Submitted to: Systematic Entomology
Publication Type: Peer Reviewed Journal
Publication Acceptance Date: 3/31/2007
Publication Date: 6/1/2007
Citation: Sword, G.A., Senior, L., Gaskin, J.F., Joern, A. 2007. Double trouble for grasshopper molecular systematics: intra-individual heterogeneity of both mitochondrial 12S-valine-16S and nuclear internal transcribed spacer ribosomal DNA sequences in Hesperotettix viridis (Orthoptera: Acrididae). Systematic Entomology. 32(3):420-428.

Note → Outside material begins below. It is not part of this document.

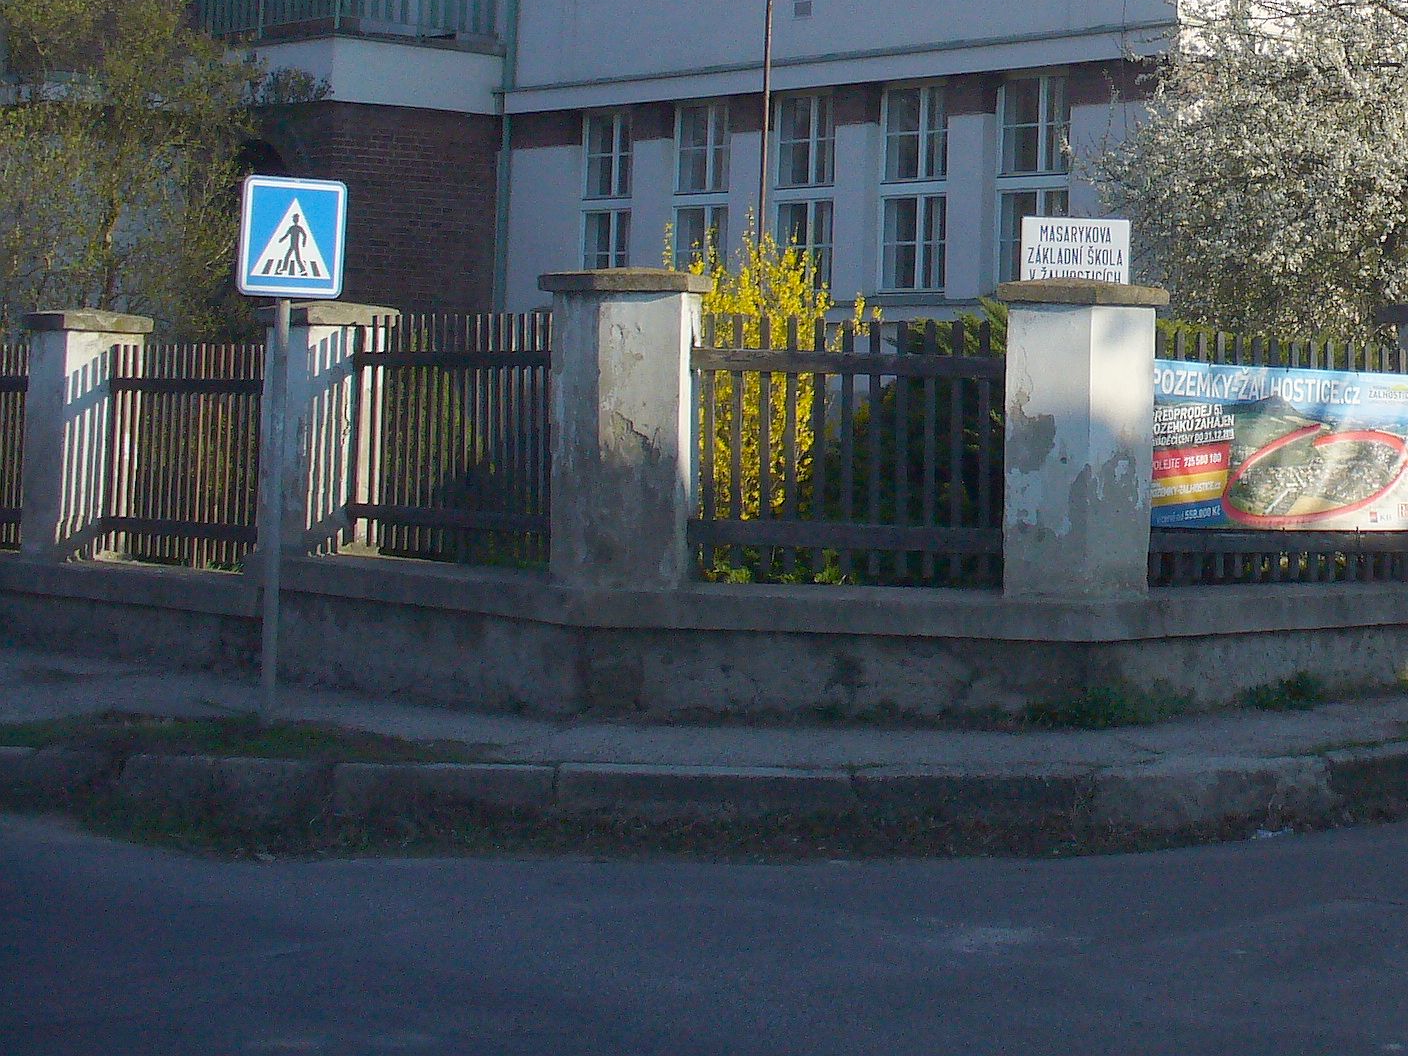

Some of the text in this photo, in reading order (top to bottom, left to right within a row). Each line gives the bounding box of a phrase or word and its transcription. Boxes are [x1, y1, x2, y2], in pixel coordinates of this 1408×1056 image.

Interpretive Summary: We often analyze DNA to determine relationships of species. We found that there is variation in DNA within an individual grasshopper, which can confound studies of relationships of species. This is the first finding of its kind in the grasshopper subfamily Melanoplinae. We suggest that future research determine if there are multiple varying copies of DNA within individual grasshoppers before continuing with studies of relationship of species.
Technical Abstract: Hesperotettix viridis grasshoppers (Orthoptera: Acrididae:Melanoplinae) exhibit intra-individual variation in both mitochondrial 12S-valine-16S and nuclear internal transcribed spacer (ITS) ribosomal DNA sequences. These findings violate core assumptions underlying DNA sequence data obtained via polymerase chain reaction (PCR) amplification for use in molecular systematics investigations. Undetected intra-individual variation of this sort can confound phylogenetic analyses at a range of taxonomic levels. The use of a DNA extraction protocol designed to enrich mitochondrial DNA as well as an initial long PCR of approximately 40% of the grasshopper mitochondrial genome failed to control for the presence of paralogous mitochondrial DNA-like sequences within individuals. These findings constitute the first demonstration of intra-individual heterogeneity in mitochondrial DNA-like sequences in the grasshopper subfamily, Melanoplinae, and only the second report of intra-individual variation in nuclear ITS ribosomal DNA sequences in grasshoppers. The fact that intra-individual variation was detected in two independent DNA marker sets in the same organism strengthens the notion that the orthology of PCR-derived DNA sequences should be examined thoroughly prior to their use in molecular phylogenetic analyses or as DNA barcodes.